START SOURCE MATERIAL

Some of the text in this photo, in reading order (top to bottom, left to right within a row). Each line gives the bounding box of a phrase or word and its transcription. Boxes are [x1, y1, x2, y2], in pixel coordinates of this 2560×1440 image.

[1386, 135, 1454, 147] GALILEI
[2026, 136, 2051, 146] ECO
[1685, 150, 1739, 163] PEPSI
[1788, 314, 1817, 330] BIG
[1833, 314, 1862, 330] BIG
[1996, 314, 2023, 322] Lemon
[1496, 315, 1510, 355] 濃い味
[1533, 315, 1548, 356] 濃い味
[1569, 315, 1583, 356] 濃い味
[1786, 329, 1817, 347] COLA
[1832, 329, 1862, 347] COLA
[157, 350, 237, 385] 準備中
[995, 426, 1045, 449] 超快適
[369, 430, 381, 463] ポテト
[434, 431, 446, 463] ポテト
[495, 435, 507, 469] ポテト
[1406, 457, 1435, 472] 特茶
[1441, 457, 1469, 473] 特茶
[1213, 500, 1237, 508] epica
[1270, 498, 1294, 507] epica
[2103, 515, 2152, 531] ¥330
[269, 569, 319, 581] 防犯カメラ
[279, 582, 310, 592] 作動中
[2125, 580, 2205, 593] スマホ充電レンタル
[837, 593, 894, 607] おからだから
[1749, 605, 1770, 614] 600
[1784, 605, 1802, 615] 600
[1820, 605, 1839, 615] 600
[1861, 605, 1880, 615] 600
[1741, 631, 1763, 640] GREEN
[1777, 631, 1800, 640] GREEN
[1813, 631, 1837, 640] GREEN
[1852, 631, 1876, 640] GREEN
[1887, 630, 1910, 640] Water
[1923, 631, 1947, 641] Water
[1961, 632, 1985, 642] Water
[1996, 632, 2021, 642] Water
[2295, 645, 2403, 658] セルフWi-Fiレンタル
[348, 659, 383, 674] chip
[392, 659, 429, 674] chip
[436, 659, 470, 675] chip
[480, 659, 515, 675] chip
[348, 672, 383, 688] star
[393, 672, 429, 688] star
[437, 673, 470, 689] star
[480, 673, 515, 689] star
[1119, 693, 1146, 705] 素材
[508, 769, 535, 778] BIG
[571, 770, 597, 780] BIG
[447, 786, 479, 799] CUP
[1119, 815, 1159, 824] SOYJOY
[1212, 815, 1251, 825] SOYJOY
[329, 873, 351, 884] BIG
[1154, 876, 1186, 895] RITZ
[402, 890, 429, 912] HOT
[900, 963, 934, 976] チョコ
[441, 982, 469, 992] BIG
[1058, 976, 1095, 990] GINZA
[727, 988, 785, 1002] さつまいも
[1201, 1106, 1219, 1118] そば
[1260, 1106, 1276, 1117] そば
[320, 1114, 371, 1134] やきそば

END SOURCE MATERIAL

Look over the material and return every line where the word "epica" is found.

OUTPUT OF THE EXERCISE:
[1213, 500, 1237, 508] epica
[1270, 498, 1294, 507] epica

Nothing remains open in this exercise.